**TASK TO COMPLETE**.
Line by line, print the records exactly, and keep images out of the copy.

[Records from a data collection]
<<<<
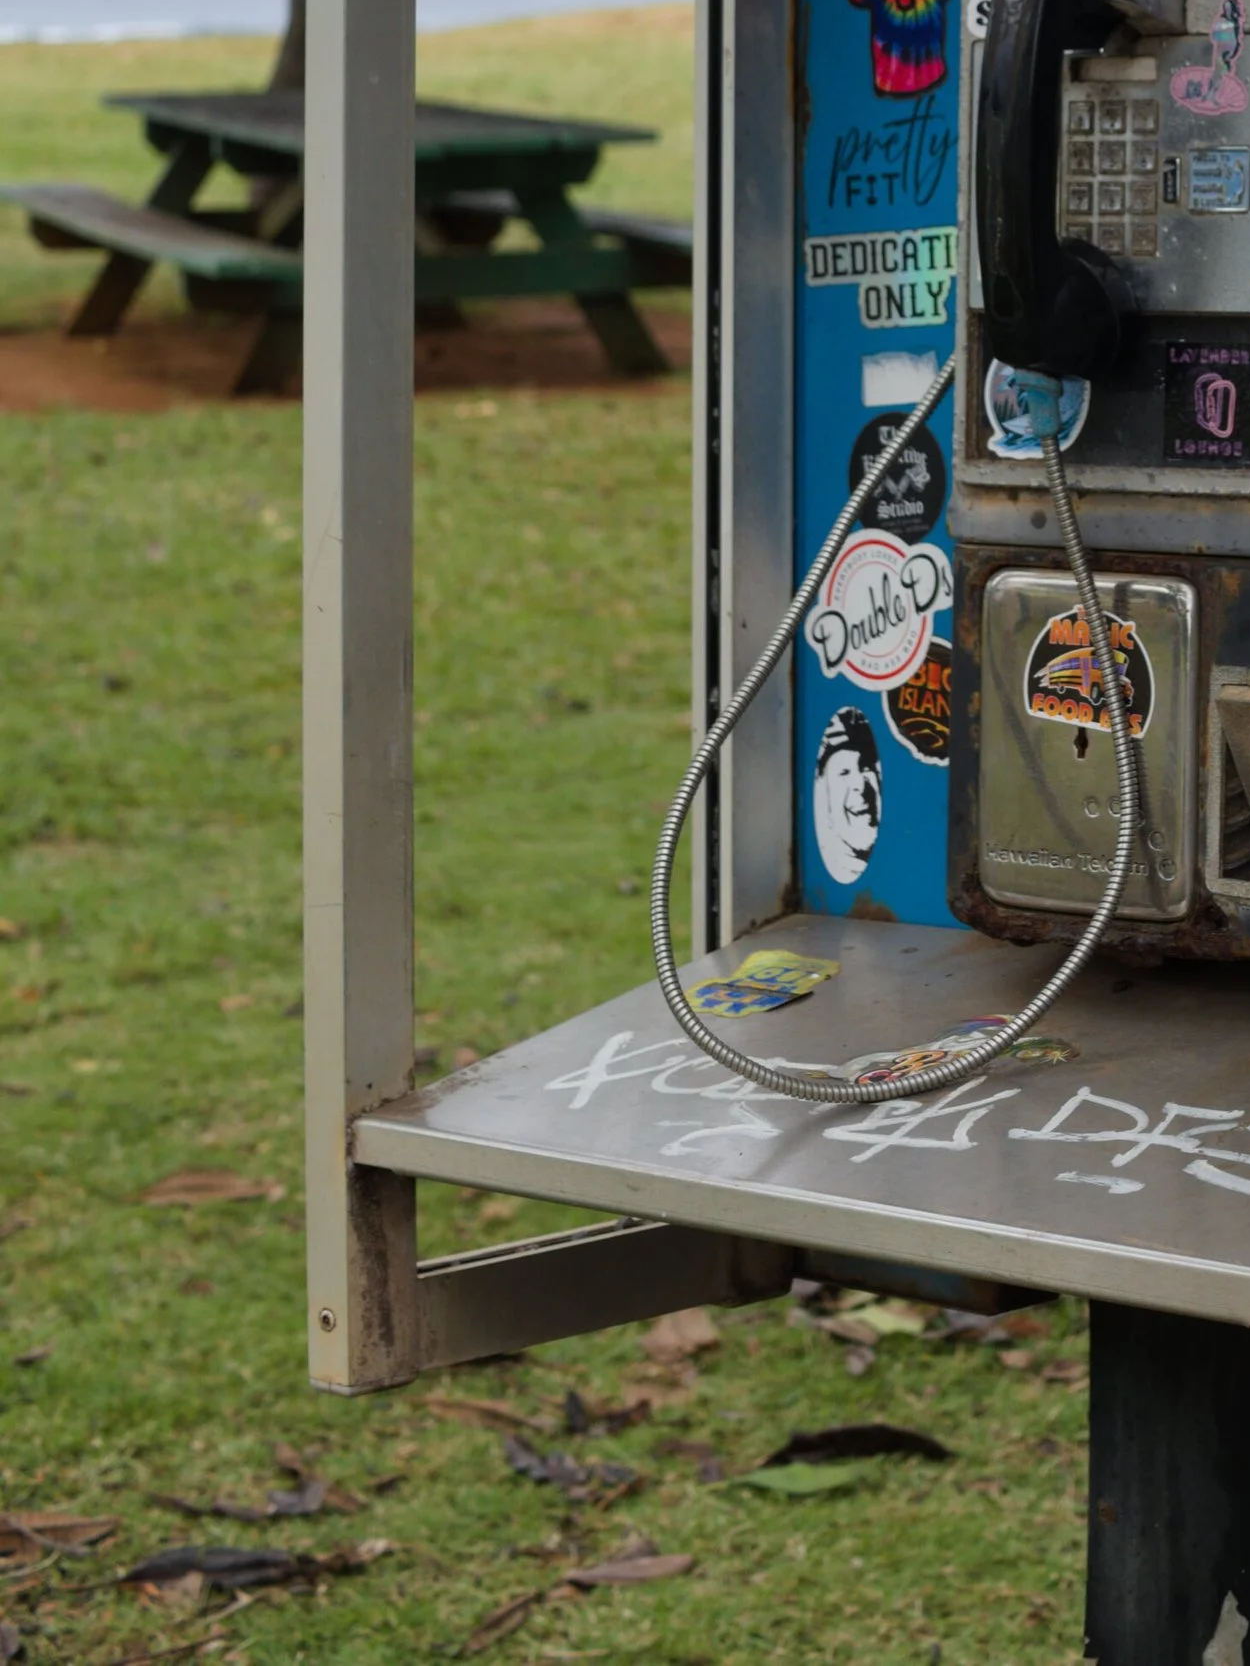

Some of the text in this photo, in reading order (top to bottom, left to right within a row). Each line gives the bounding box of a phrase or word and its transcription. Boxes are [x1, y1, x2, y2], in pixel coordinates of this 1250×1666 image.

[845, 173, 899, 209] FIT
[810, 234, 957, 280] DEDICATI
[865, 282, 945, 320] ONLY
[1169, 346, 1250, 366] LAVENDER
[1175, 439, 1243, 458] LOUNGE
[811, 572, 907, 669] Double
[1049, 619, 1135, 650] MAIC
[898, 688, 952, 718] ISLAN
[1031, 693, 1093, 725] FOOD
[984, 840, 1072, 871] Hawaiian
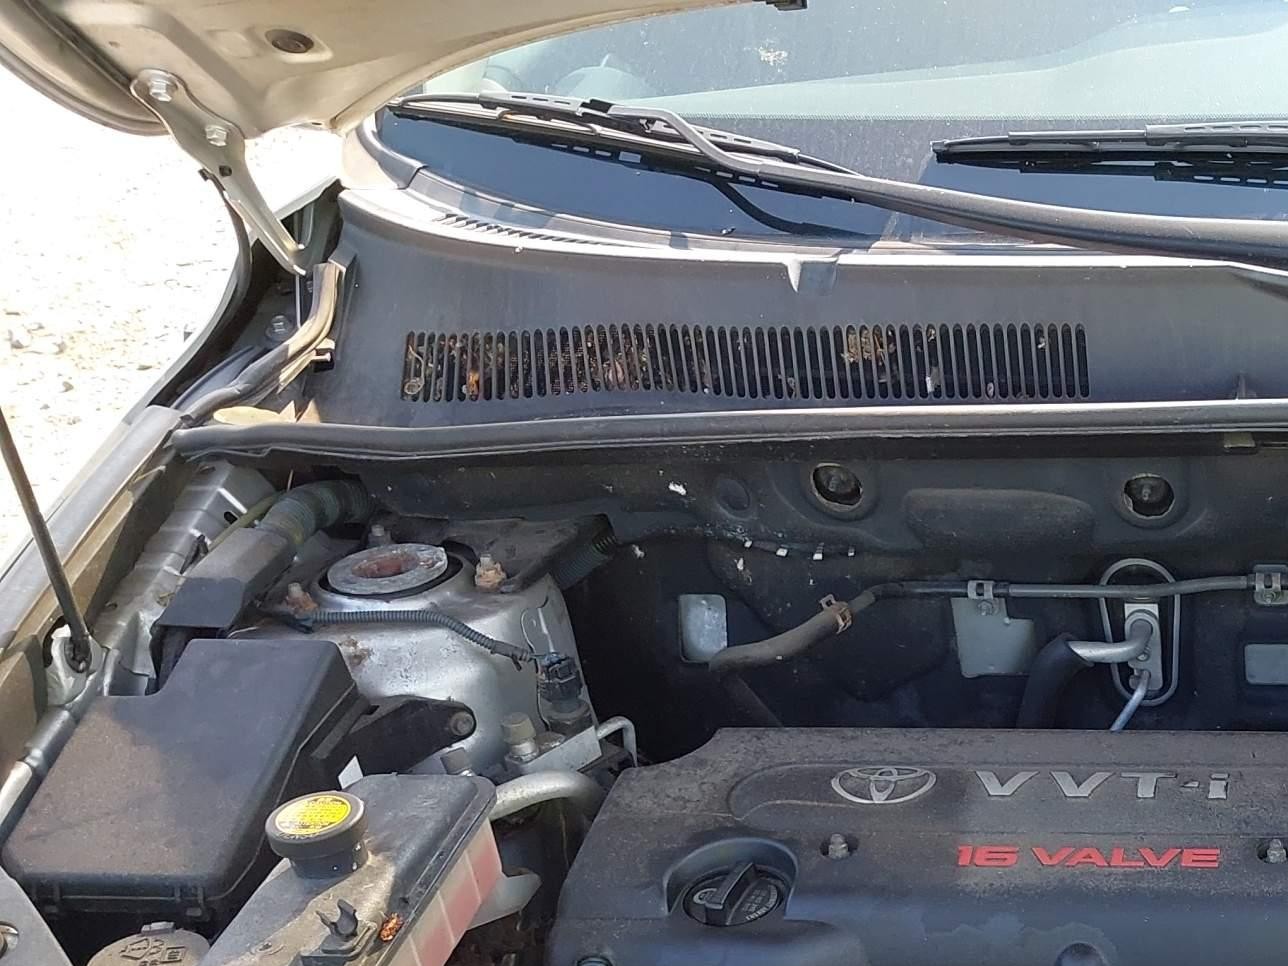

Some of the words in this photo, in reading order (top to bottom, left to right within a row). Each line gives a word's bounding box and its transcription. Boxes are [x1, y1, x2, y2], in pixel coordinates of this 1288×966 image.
>>>>
**ANSWER TO THE EXERCISE**.
Some of the text in this photo, in reading order (top to bottom, left to right within a row). Each line gives the bounding box of a phrase or word and its transcription. Boxes are [x1, y1, x2, y2], in pixel coordinates of this 1250×1666 image.

[845, 173, 899, 209] FIT
[810, 234, 957, 280] DEDICATI
[865, 282, 945, 320] ONLY
[1169, 346, 1250, 366] LAVENDER
[1175, 439, 1243, 458] LOUNGE
[811, 572, 907, 669] Double
[1049, 619, 1135, 650] MAIC
[898, 688, 952, 718] ISLAN
[1031, 693, 1093, 725] FOOD
[984, 840, 1072, 871] Hawaiian

Some of the words in this photo, in reading order (top to bottom, left to right within a row). Each line gives a word's bounding box and its transcription. Boxes are [x1, y1, x2, y2], in pixel coordinates of this 1288×966 image.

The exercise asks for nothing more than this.